Exercise - Exclude the pictures and reproduce the remaining data exactly as written.

Records provided -
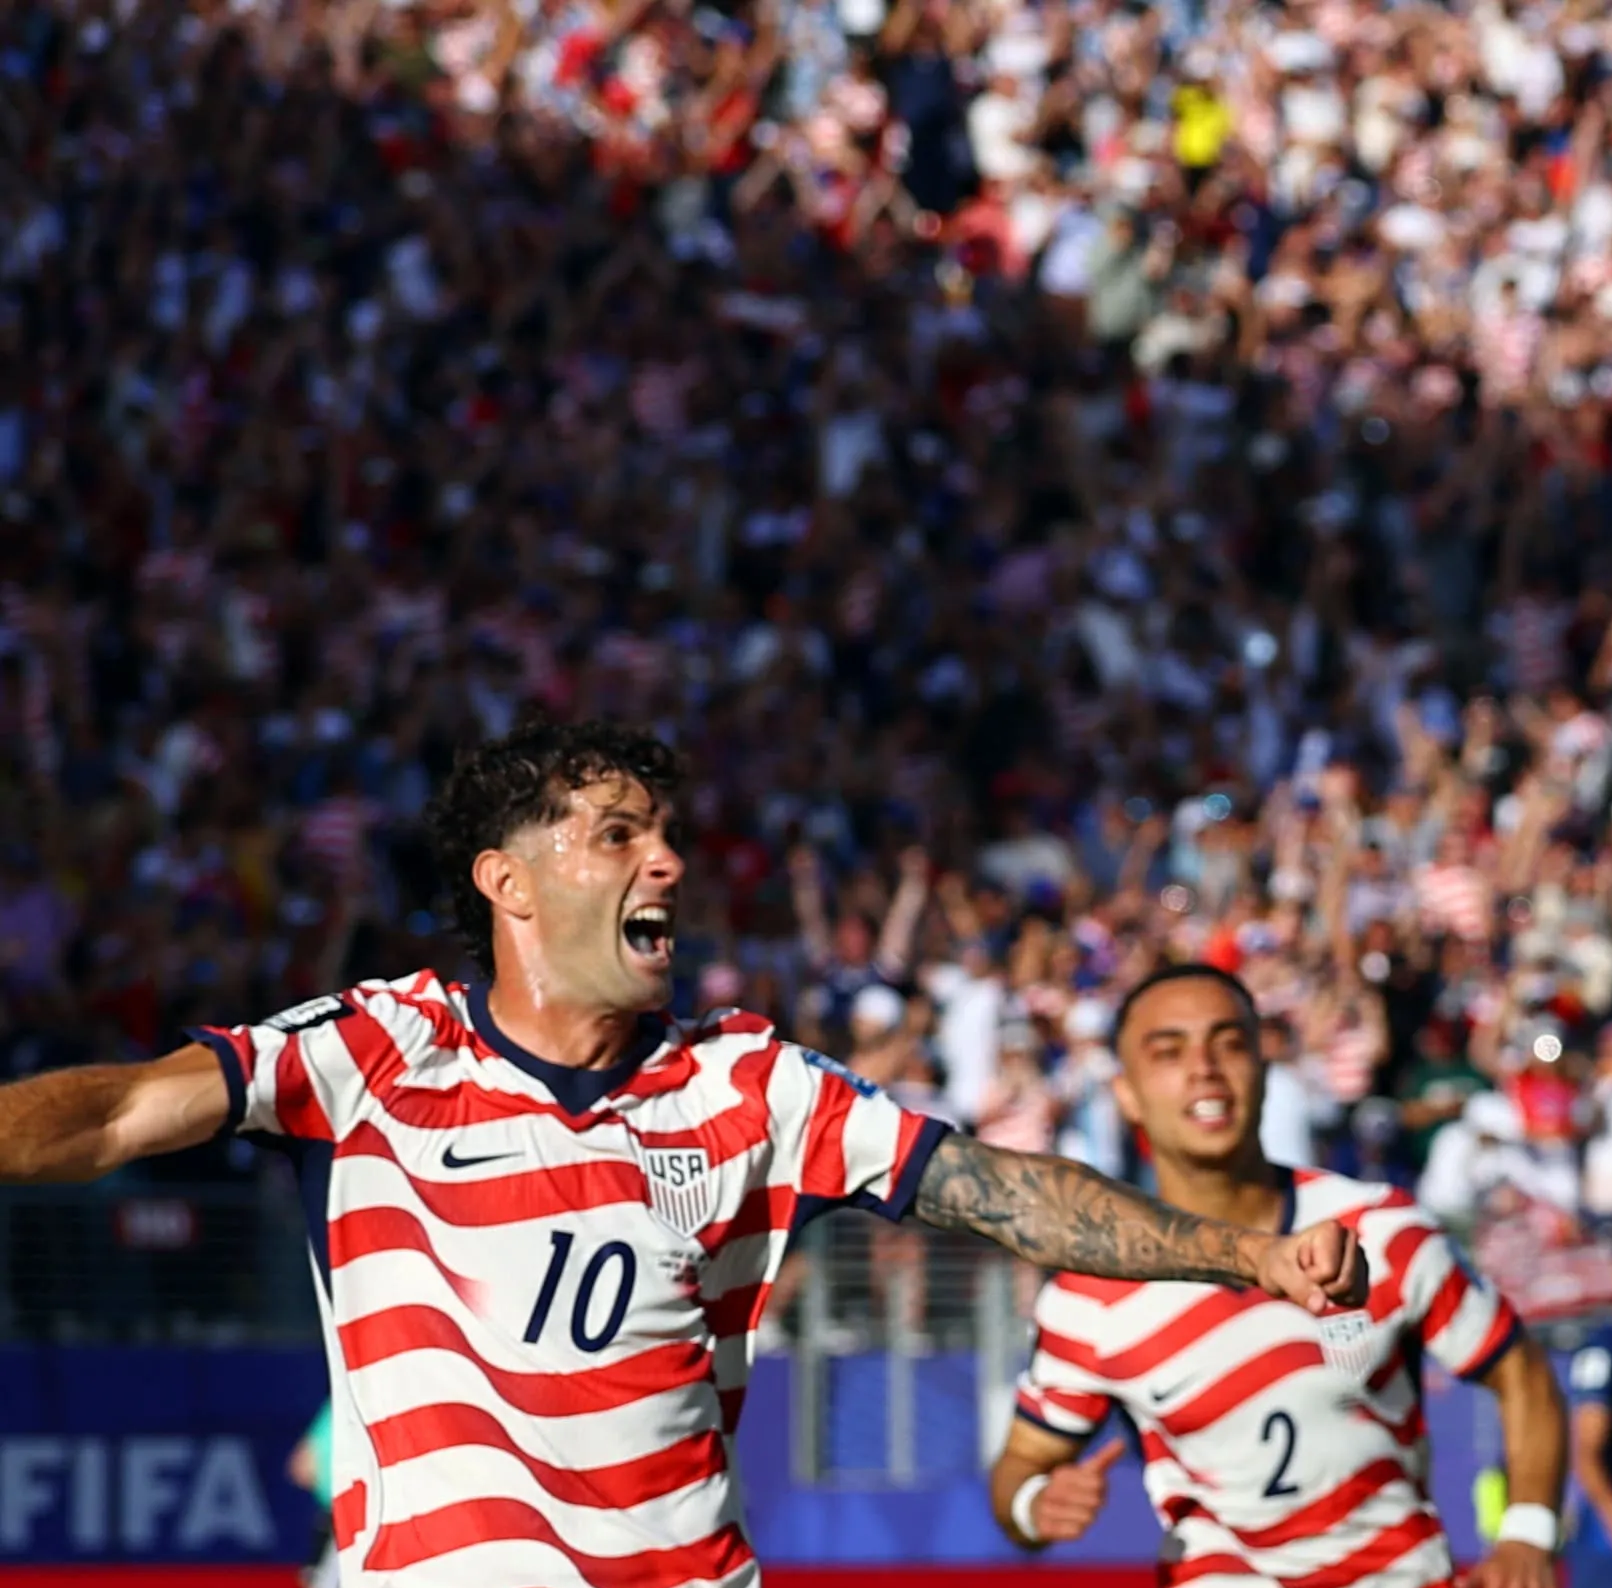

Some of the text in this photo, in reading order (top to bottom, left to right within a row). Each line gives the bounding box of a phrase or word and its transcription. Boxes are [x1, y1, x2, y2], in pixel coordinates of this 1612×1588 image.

[650, 1154, 704, 1187] USA
[524, 1230, 637, 1352] 10
[0, 1434, 277, 1550] FIFA
[1262, 1411, 1300, 1498] 2
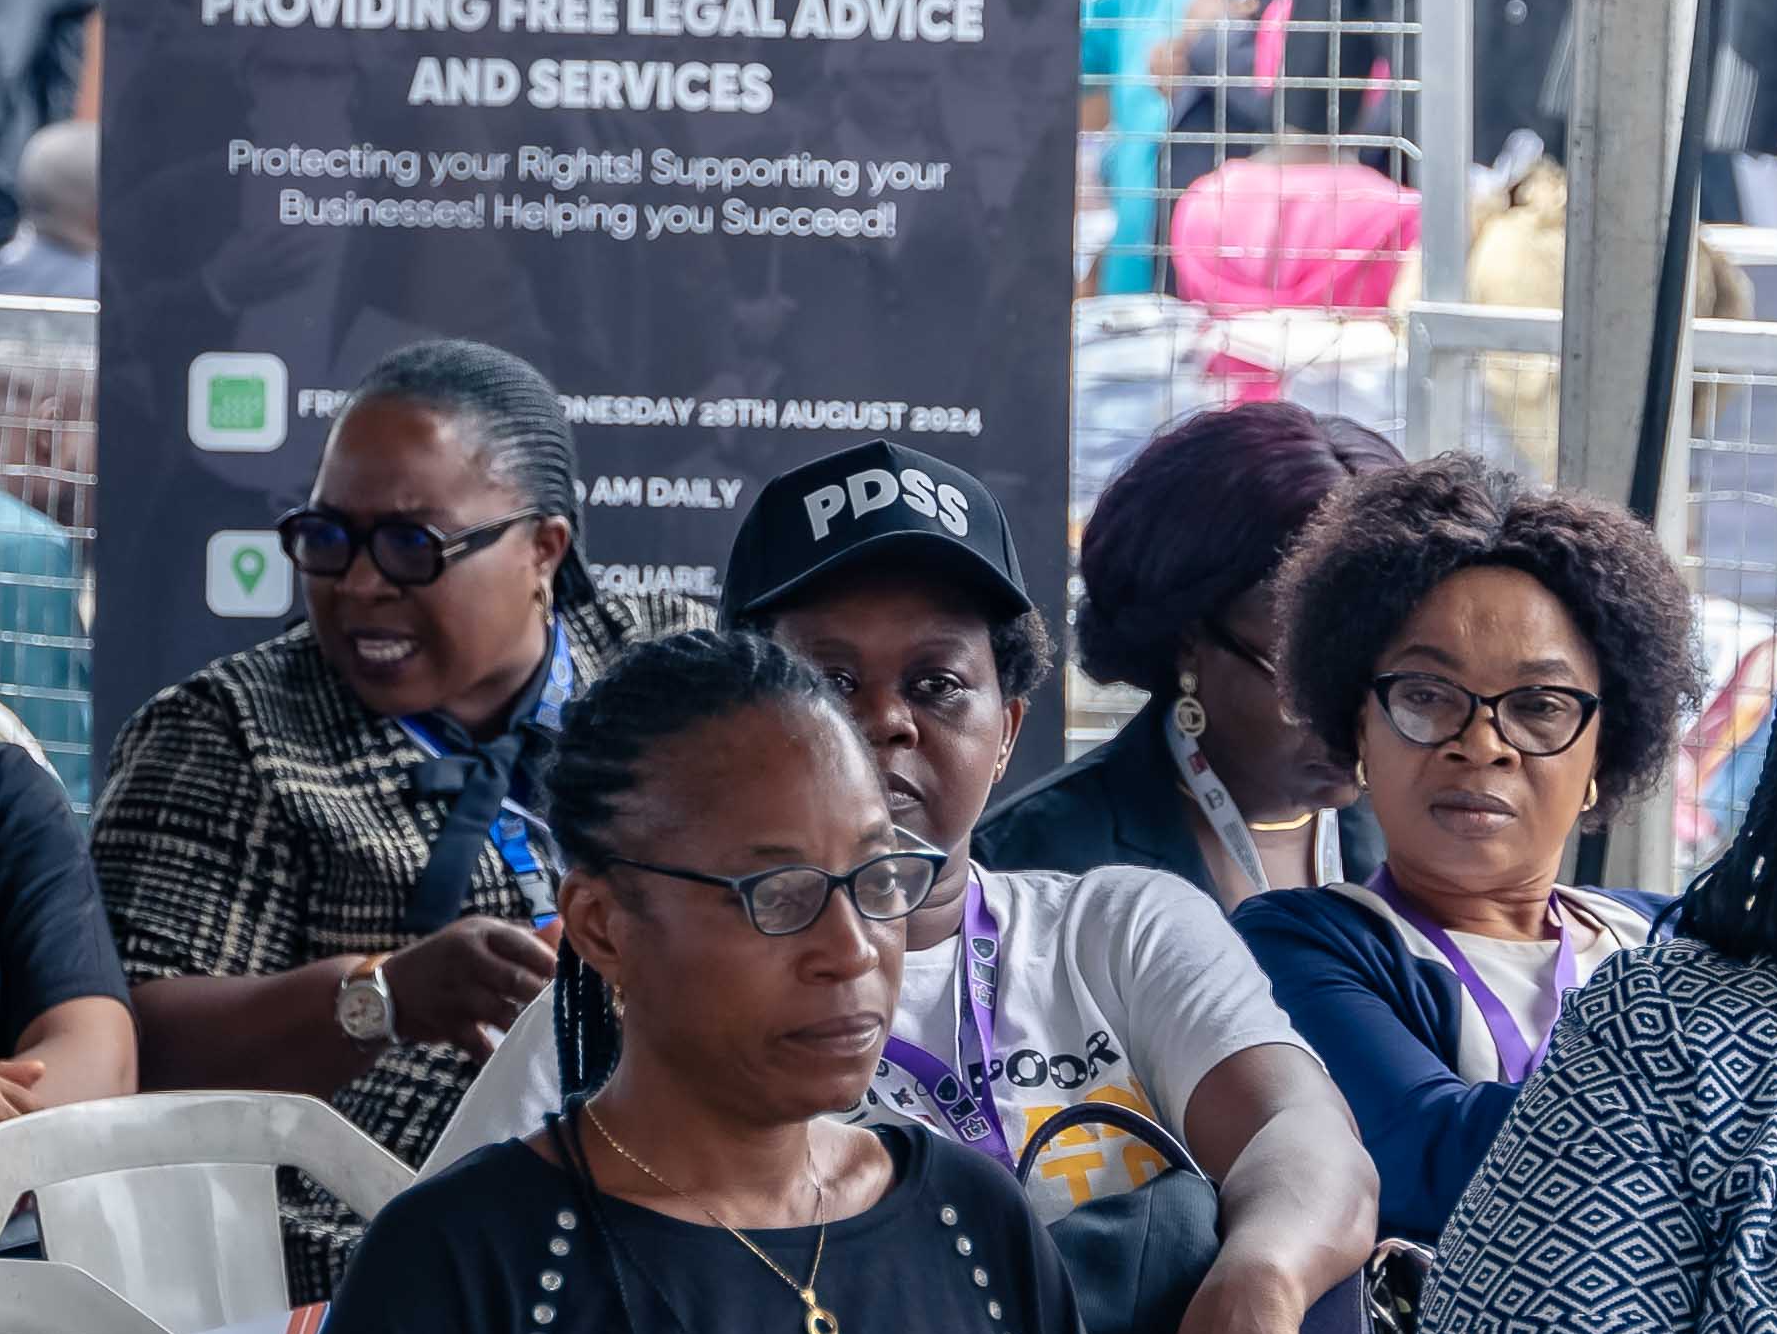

Exercise result -
Some of the text in this photo, in reading order (top to bottom, left to right within a row). Each line gives the bounding box of a phrase or word and its transcription. Boxes are [x1, y1, x2, y2], in pixel coordinates of this 1612×1588 image.

[650, 1154, 704, 1187] USA
[524, 1230, 637, 1352] 10
[0, 1434, 277, 1550] FIFA
[1262, 1411, 1300, 1498] 2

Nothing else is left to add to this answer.